Seanad debates

Wednesday, 14 February 2024

Domestic Violence (Amendment) Bill 2024: Second Stage

 

10:30 am

Photo of Eileen FlynnEileen Flynn (Independent) | Oireachtas source

First, I welcome Senator Martin's Bill. Even today, I am working with a woman who is going through domestic violence and needs access to services. In March 2020, before I was nominated to the Seanad, I was supporting a woman with five children who was living on the streets of Dublin to seek refuge and because she had fled her home country and was at no major risk from her abuser, she was denied access to a woman's refuge. That led her into addiction and criminality, and her kids have now been taken away from her.That was a failure by the State, unfortunately, in not having services that are fit for purpose for women in this country. While I agree with Senator Martin's Bill and I support it there should be stronger sanctions for people who break barring orders.

I wish to put on the record that domestic violence has no part and does not have a place in Traveller culture or the Traveller way of life. I have seen this through first-hand experience a lot of the time when, even back in the 1990s, if one was to call the Garda and get the abuser removed from the home in a lot of cases within the Traveller community we are told "This is part of your culture". While we are looking at sanctions for breaking barring orders we also need to train people around this. It is no fault to the Garda because gardaí need to be trained. We all need to be trained on this because sometimes we can make assumptions. I am not bad mouthing or talking negatively about the Garda. We need gardaí to help women, and men, to escape domestic violence in this country.

We need to focus on services. Since I have been in this House this is my fourth time to speak about domestic violence and to debate Bills on domestic violence, and yet the root problem is around services and supporting those services so that women and men have wraparound support, be it counselling, or help with addiction issues, or whatever may be needed. There are a lot of underlying problems and issues behind why domestic violence happens in some families and in some communities. Unfortunately it can be the case of "monkey see, monkey do". It is about breaking that vicious cycle of domestic violence within some homes.

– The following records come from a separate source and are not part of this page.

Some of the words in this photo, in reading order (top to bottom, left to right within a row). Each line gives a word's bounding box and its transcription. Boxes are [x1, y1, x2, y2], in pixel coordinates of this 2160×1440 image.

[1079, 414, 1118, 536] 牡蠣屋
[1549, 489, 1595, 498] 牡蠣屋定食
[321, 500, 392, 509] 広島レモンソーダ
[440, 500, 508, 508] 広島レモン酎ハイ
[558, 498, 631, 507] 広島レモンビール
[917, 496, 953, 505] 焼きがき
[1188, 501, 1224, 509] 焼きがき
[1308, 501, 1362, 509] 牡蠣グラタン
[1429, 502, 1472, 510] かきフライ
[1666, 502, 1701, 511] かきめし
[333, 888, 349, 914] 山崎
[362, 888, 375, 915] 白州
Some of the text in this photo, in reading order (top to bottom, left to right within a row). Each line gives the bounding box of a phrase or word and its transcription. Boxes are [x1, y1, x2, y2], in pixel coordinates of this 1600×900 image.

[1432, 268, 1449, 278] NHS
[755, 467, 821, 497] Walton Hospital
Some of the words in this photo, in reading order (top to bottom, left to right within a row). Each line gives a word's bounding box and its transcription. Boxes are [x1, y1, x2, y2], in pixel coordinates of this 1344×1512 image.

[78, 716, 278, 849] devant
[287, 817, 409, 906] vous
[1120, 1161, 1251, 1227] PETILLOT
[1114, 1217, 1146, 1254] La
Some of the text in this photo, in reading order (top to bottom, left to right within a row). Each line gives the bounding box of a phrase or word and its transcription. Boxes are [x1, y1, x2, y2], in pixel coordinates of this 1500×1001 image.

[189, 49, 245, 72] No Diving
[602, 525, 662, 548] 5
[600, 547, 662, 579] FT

One of my friends works in a women's refuge. She is the first to say that the refuge is not fit for purpose because there is not the wraparound support women and children need. Some 54,000 phone calls were made last year to the Garda around domestic violence. We should have an ethnic identifier to know which communities are being affected. It would not make a big difference but women in minority groups and Traveller women need that extra bit of support to get away. I have worked with numerous women in this area and, unfortunately, from the Traveller community in some cases. I worked with one woman 15 years ago who was told she was barred from a refuge because two of her children had ADHD with behaviour issues. That is no way to treat women who are going through abuse especially if they have to go back into that situation.

My colleagues have spoken on the fact that we do not consider the women and men affected by domestic violence who also end up on our streets as homeless. There is a cost to this homelessness from domestic violence. That should be in the records also. There should be a section that records, for example, that 100 women are homeless due to domestic violence. That status should be categorised every year or whenever the data is made available to us.

Nine counties in this country do not have a domestic violence service. I understand that the Senator's Bill is focused on the barring order and breaches of the barring order, which I welcome and especially for Traveller women. It should be the one law for everybody and not that it is okay for some men to be abusers if it is seen to be part of their culture. It is not. The debate today gives me this opportunity to highlight some of the gaps within our domestic violence services. I am aware that the Minister, Deputy McEntee, is doing everything in her power and, as other Senators have rightly said, the Minister has brought in some really good legislation around coercive control. There is, however, a bigger conversation we need to have around investing in domestic violence refuges for women and for men.